Democrats Will Try To Filibuster Trump's Supreme Court Nominee
Senate Minority Leader Chuck Schumer announced on Thursday that he will force Republicans to find 60 votes to confirm Judge Neil Gorsuch to the Supreme Court. If they can't, it will set up a showdown over whether Republicans will move to get rid of the filibuster for high court nominees.
WASHINGTON — Senate Minority Leader Chuck Schumer announced on Thursday that Democrats will try to mount a filibuster against President Trump's nominee for the US Supreme Court.
The move will force Republicans to find a supermajority of 60 votes to advance Judge Neil Gorsuch's nomination to a confirmation vote. If they can't, Senate Majority Leader Mitch McConnell and the Republicans will have to decide whether to take the dramatic step of changing the vote threshold and essentially eliminating the filibuster.
The news came in the midst of the confirmation hearing for Gorsuch before the Senate Judiciary Committee. Schumer made his announcement from the Senate floor as members of the judiciary committee heard from witnesses for and against Gorsuch's nomination. (Gorsuch finished his testimony on Wednesday evening and wasn't at the hearing on Thursday.)

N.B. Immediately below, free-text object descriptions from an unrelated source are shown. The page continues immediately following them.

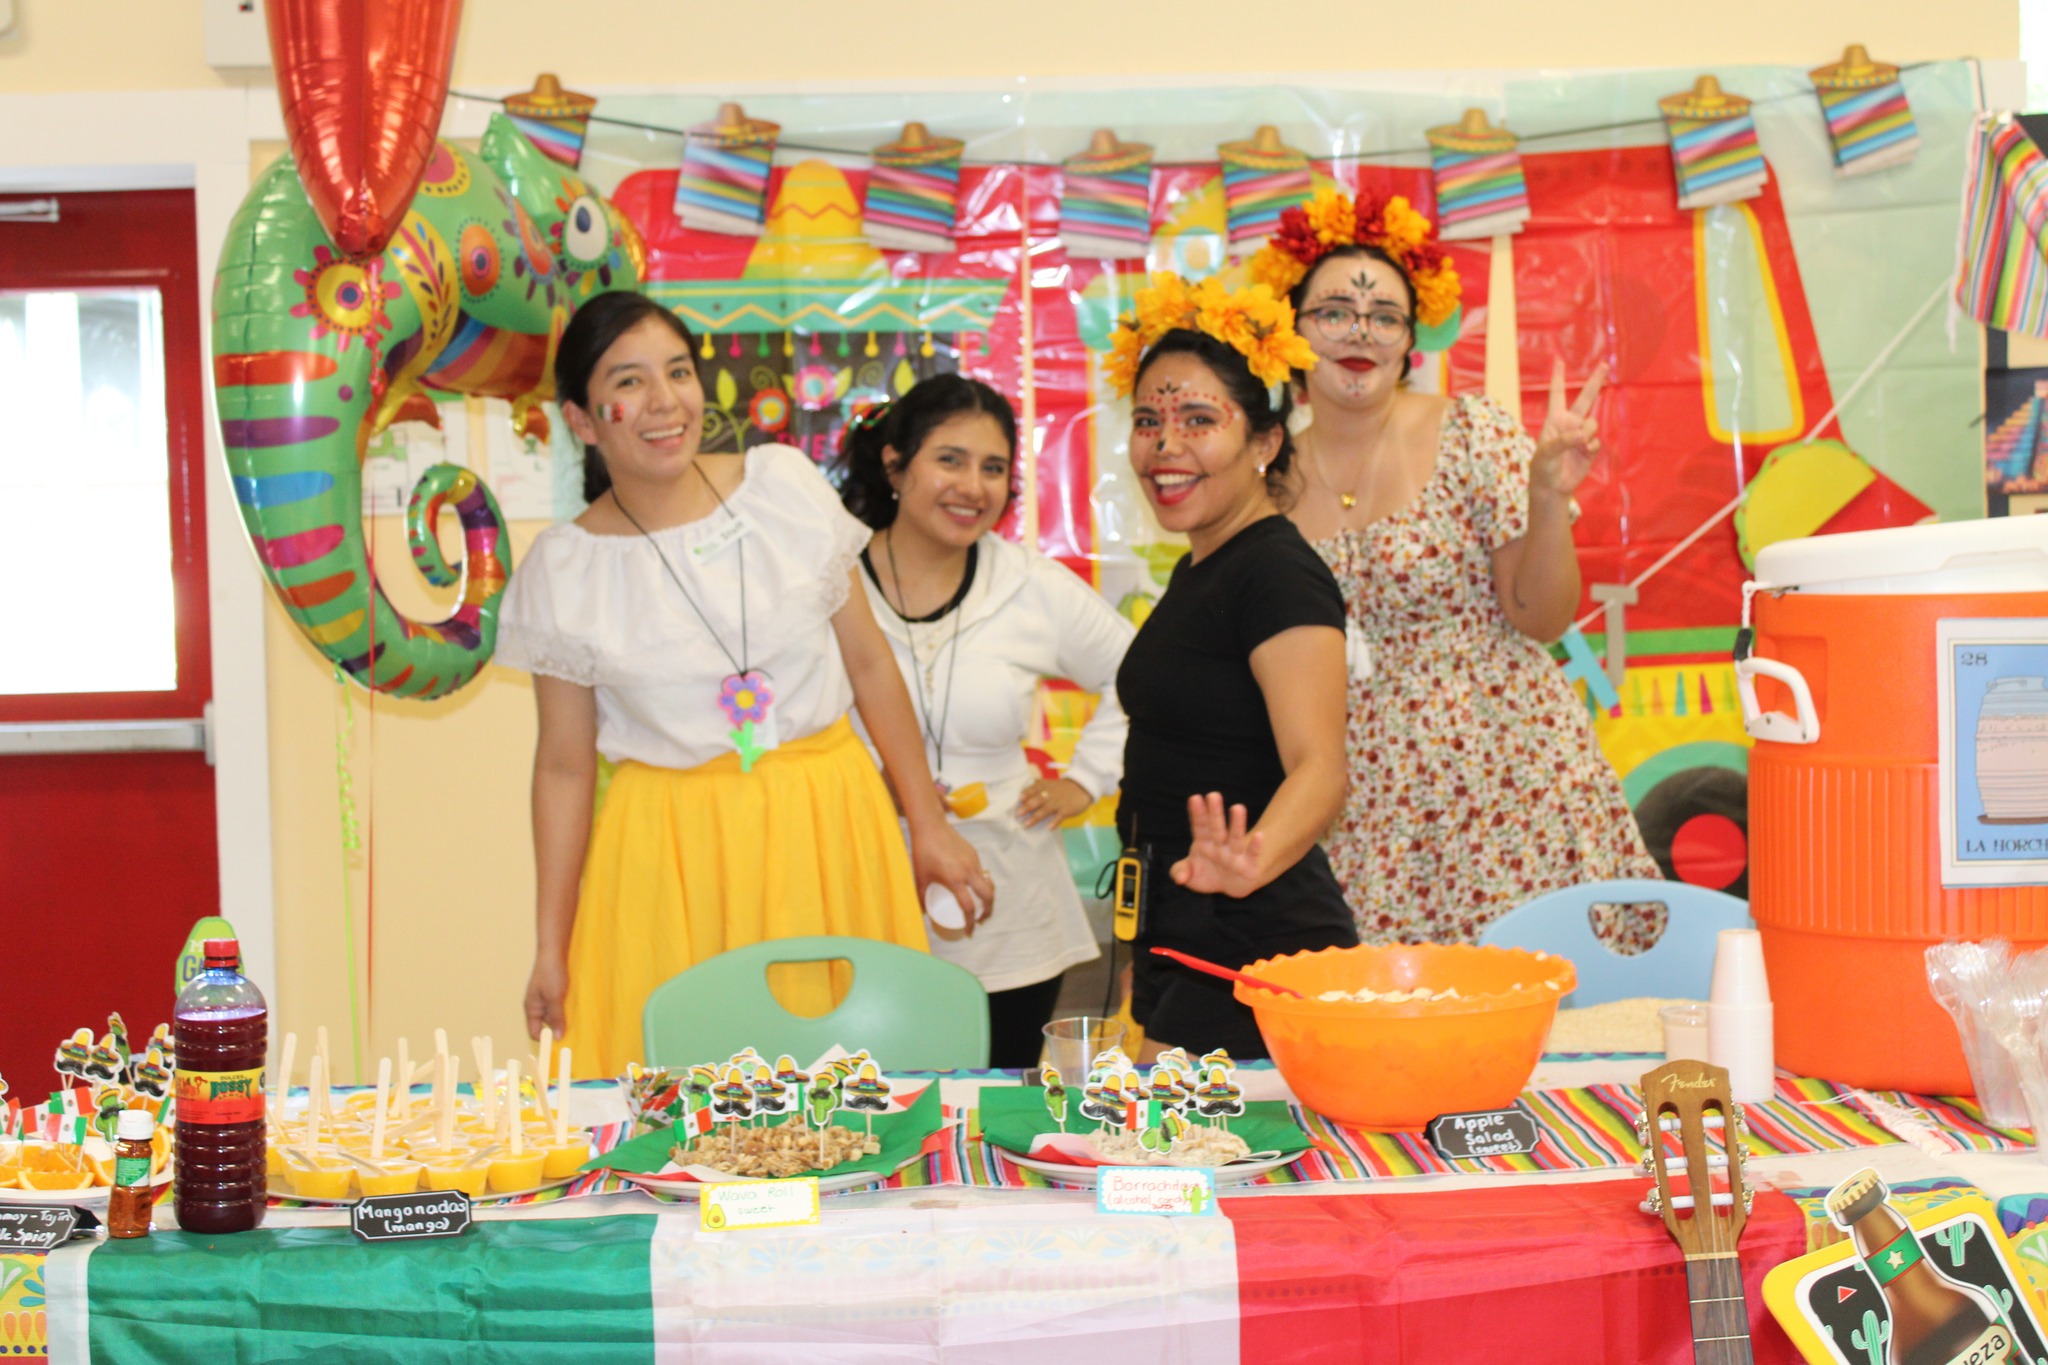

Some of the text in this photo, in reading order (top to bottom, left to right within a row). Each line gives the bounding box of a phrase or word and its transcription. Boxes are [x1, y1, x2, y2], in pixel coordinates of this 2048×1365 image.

[1960, 652, 1988, 666] 28
[1966, 840, 1986, 853] LA
[1661, 1072, 1716, 1093] Fender
[1454, 1115, 1505, 1133] Apple
[1464, 1128, 1514, 1145] Salad
[384, 1217, 450, 1233] (mango)
[13, 1228, 57, 1247] Spicy

It takes a 60-vote supermajority to end a filibuster over a Supreme Court nominee, if mounted, and move to a confirmation vote. This cloture vote would end debate on the nomination. If Republicans don't have the votes, though, they could attempt to change the rules — the so-called "nuclear option." If that rule change is made, going forward it would only take a simple majority to advance a high court nominee.
Senate Democrats invoked the nuclear option in November 2013 to change the supermajority rule for lower court nominees, in order to push through President Obama's nominees to the US Court of Appeals for the DC Circuit. The effort was successful in getting Obama's nominees confirmed, but it also means that it is now harder for Democrats to block Trump's nominees to the lower federal courts.

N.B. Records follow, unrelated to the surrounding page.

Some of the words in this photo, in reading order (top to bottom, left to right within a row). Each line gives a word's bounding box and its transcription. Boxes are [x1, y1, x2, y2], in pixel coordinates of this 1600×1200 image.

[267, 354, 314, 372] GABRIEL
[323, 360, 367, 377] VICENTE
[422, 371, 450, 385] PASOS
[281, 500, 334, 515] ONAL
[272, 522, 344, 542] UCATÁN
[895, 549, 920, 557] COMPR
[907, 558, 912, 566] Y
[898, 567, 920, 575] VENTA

Schumer announced the move by highlighting that recent past Supreme Court nominees reached a 60-vote threshold.
"To my Republican friends who think that if Judge Gorsuch fails to reach 60 votes we ought to change the rules I say: if this nominee cannot earn 60 votes, a bar met by each of President Obama’s nominees, and President Bush’s last two nominees, the answer isn’t to change the rules – it’s to change the nominee," Schumer said in his prepared remarks on Thursday.
Noting that Schumer had announced he would attempt to block any nominee before Gorsuch was even nominated, a McConnell spokesperson pushed back.
"After spending much of last year lamenting the consequences of a vacancy on the Supreme Court, he’s now arguing to keep the seat vacant for the next four or eight years. Try to figure that one out," Don Stewart told BuzzFeed News via email. "I guess #WeNeedNine only applies when there’s a Democrat president."
Stewart also pushed back against Schumer's claim of the 60-vote "bar," noting that the norm is not requiring a cloture vote on Supreme Court nominations.
"Historically, there are just simple up-or-down votes [on Supreme Court nominees]. Yes, Dems took the unprecedented step of attempting a partisan filibuster of Justice Alito. But that was the anomaly," he said, highlighting that Justice Clarence Thomas was confirmed with 52 votes — and no cloture vote.
Nonetheless, several Democrats on Thursday announced plans to oppose Gorsuch and to vote "no" on cloture, including Pennsylvania Sen. Bob Casey, Oregon Sen. Ron Wyden, and Vermont Sen. Bernie Sanders. At least one Democrat, West Virginia Sen. Joe Manchin, has said he will not support a filibuster, according to Yahoo News.
Asked about Schumer's plans at Thursday's press briefing, White House press secretary Sean Spicer deferred to the Senate leader.
"I am not going to start to tell Sen. McConnell what to do from here," Spicer said.
Additional reporting by BuzzFeed News legal editor Chris Geidner.
This story has been updated to provide further information on senators who have announced how they will vote.